* **WHAT YOU SHOULD DO**:
Please write out all of the entries beneath this line exactly, skipping the pictures.

(Saved entries)
=== Begin Enclosure ===

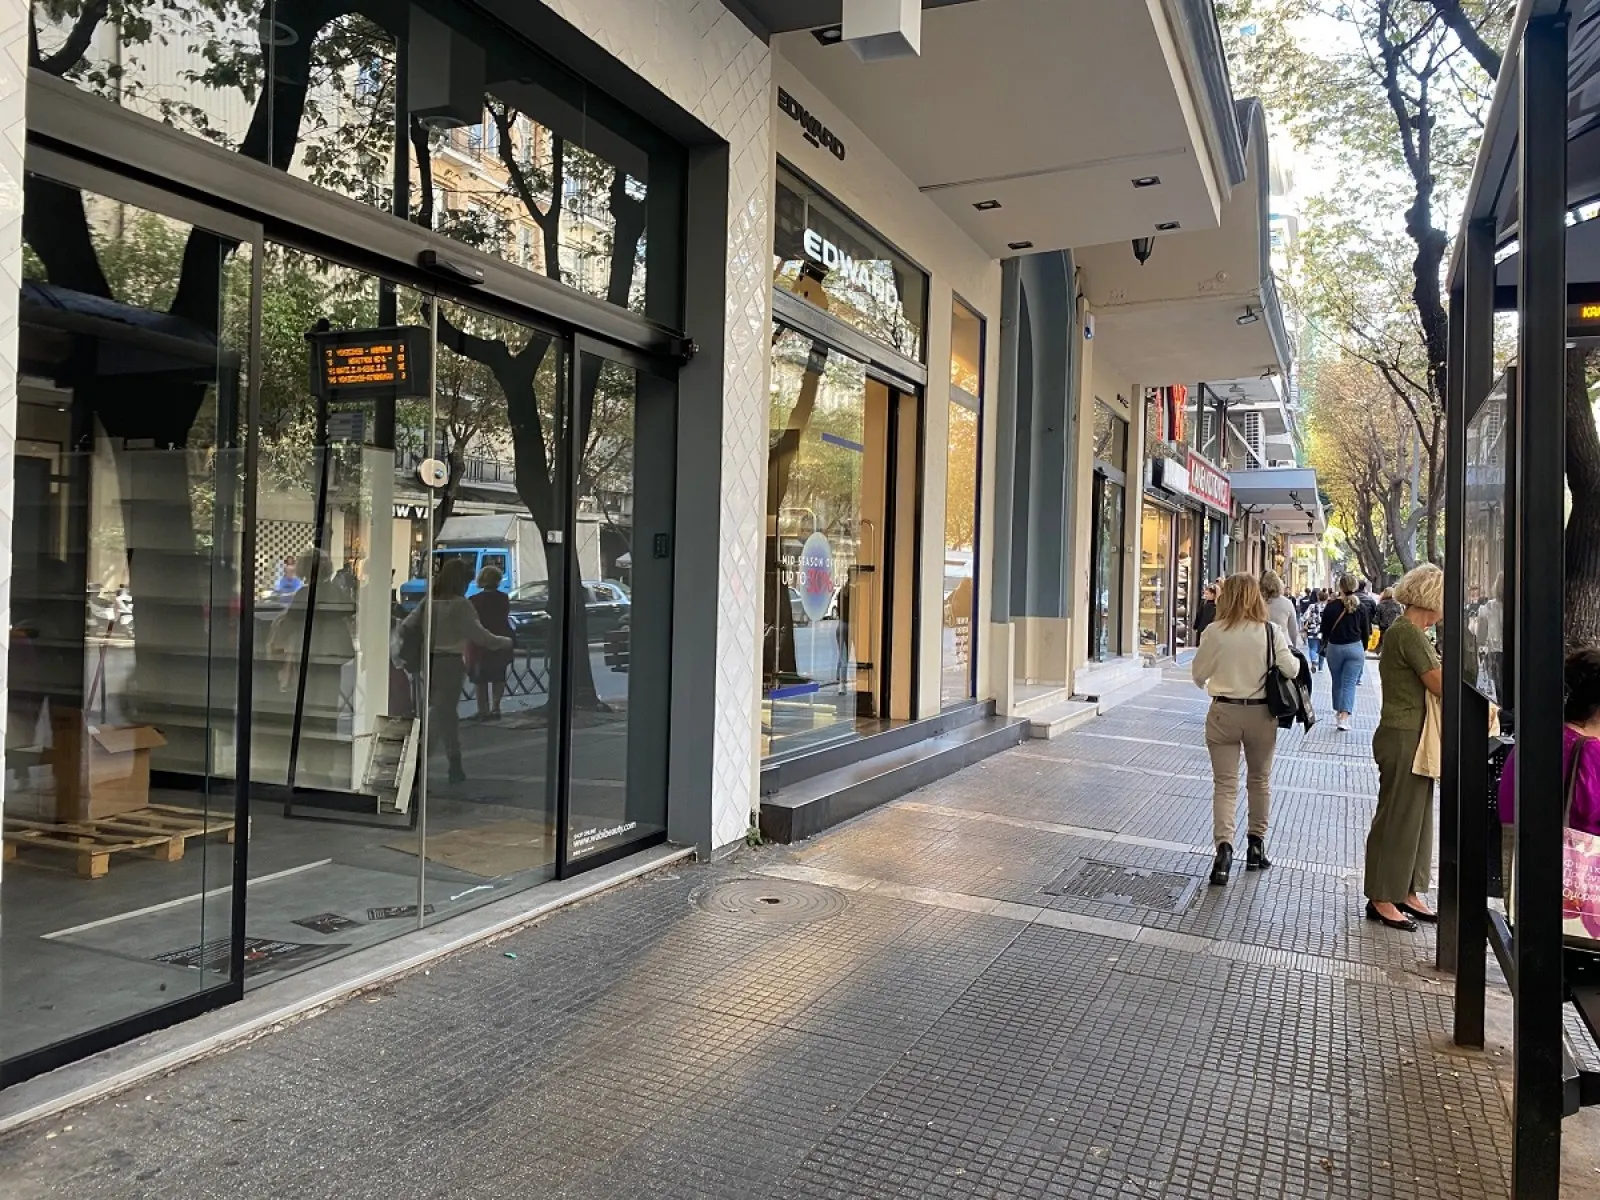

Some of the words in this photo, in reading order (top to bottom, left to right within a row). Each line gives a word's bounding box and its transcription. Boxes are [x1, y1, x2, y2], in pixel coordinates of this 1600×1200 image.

[777, 86, 846, 161] EDWARD
[803, 227, 900, 307] EDWARD
[782, 555, 796, 565] MID
[798, 554, 825, 568] SEASON
[782, 570, 794, 585] UP
[795, 570, 806, 585] TO

=== End Enclosure ===

* **WRITTEN ANSWER**:
Some of the words in this photo, in reading order (top to bottom, left to right within a row). Each line gives a word's bounding box and its transcription. Boxes are [x1, y1, x2, y2], in pixel coordinates of this 1600×1200 image.

[777, 86, 846, 161] EDWARD
[803, 227, 900, 307] EDWARD
[782, 555, 796, 565] MID
[798, 554, 825, 568] SEASON
[782, 570, 794, 585] UP
[795, 570, 806, 585] TO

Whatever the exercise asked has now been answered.